Population (2021-12-01)
- • Total: 262,066
- • Rank: 38th in Romania
- • Density: 74.32/km^{2} (192.5/sq mi)
- Time zone: UTC+2 (EET)
- • Summer (DST): UTC+3 (EEST)
- Postal Code: 08wxyz^{3}
- Area code: +40 x46^{4}
- Car Plates: GR^{5}
- GDP: US$1.657 billion (2015)
- GDP/capita: US$6,242 (2015)
- Website: County Council County Prefecture

= Giurgiu County =

County of Romania

Giurgiu (/ro/) is a county (județ) of Romania on the border with Bulgaria, in Muntenia, with the capital city at Giurgiu.

== Demographics ==
In 2011, it had a population of 265,494 and the population density was .

- Romanians – 96%
- Romani – 3.9%
- Unknown – 0.1%

| Year | County population |
|---|---|
| 1948 | 313,793 |
| 1956 | 325,045 |
| 1966 | 320,120 |
| 1977 | 327,494 |
| 1992 | 313,084 |
| 2002 | 297,859 |
| 2011 | 265,494 |
| 2021 | 262,066 |

== Geography ==
This county has a total area of 3526 km2. It is the second-smallest county in Romania, right after the neighboring Ilfov County.

The county is situated on a plain – the Southern part of the Wallachian Plain.
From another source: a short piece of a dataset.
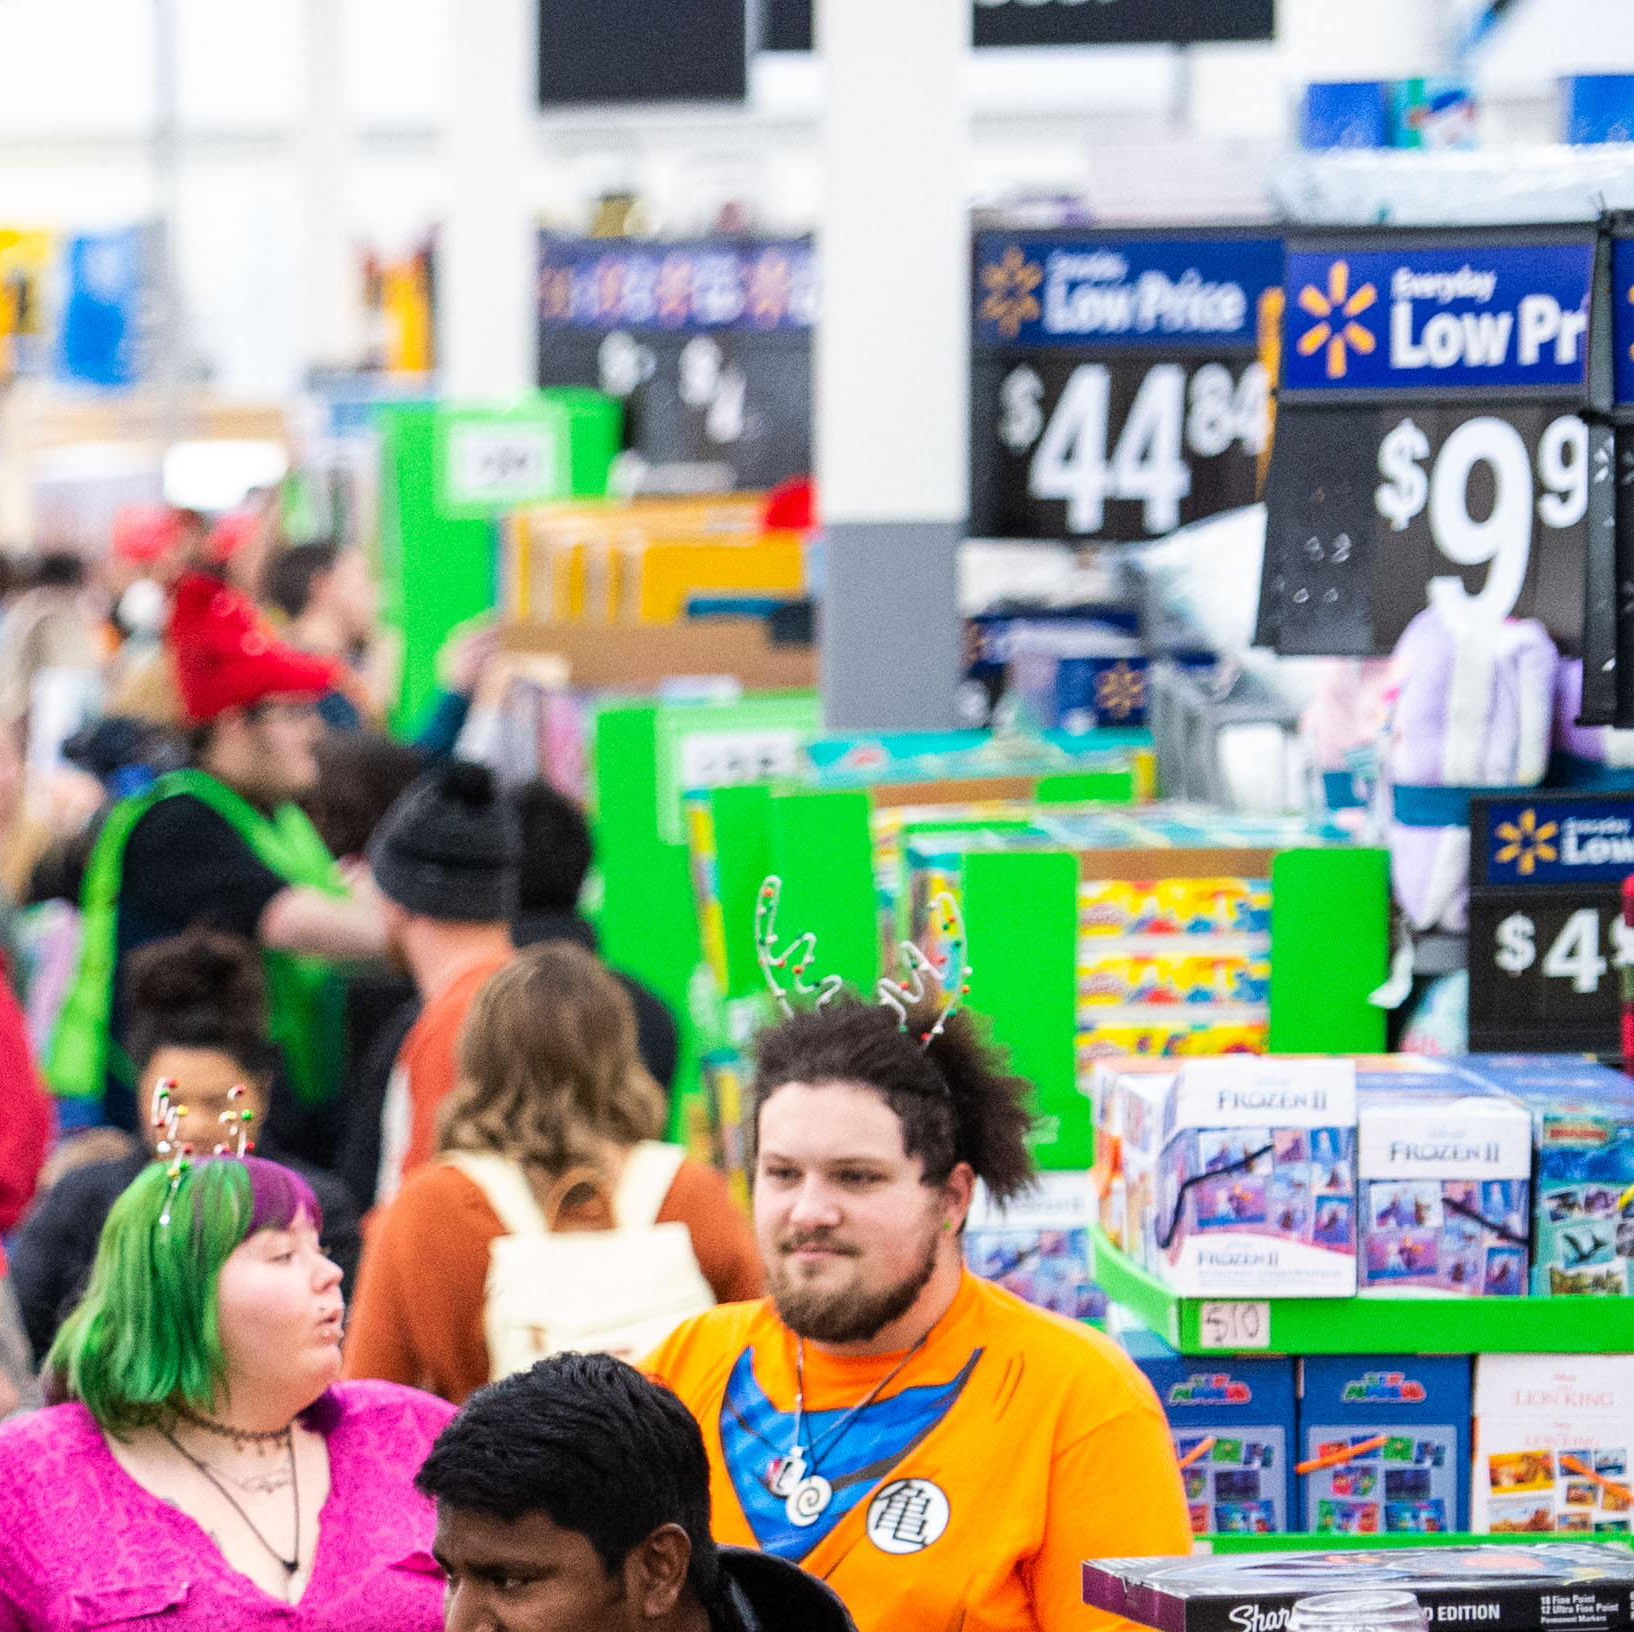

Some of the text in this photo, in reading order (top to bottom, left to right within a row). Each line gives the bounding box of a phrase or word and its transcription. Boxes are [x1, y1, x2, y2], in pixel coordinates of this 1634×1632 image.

The landscape is flat, crossed by small rivers. The southern part is the valley of the Danube which forms the border with Bulgaria. In the North, the Argeș River and Dâmbovița River flow.

=== Neighbours ===

- Călărași County in the East.
- Teleorman County in the West.
- Ilfov County and Dâmbovița County in the North.
- Bulgaria in the South – Ruse Province and Silistra Province.

==Politics==
The Giurgiu County Council, renewed at the 2020 local elections, consists of 30 counsellors, with the following party composition:

Party; Seats; Current County Council
National Liberal Party (PNL); 18
Social Democratic Party (PSD); 12

==Economy==

While the city of Giurgiu concentrates industrial activities, logistics, and services, Giurgiu County remains predominantly agrarian, with agricultural land dedicated largely to cereal and oilseed cultivation. The county is below national averages for gross domestic product per capita and regional employment levels according to indicators. Proximity to the Bucharest Metropolitan Area has led to the establishment of manufacturing and logistics facilities along the principal transport corridors connecting the county to the capital.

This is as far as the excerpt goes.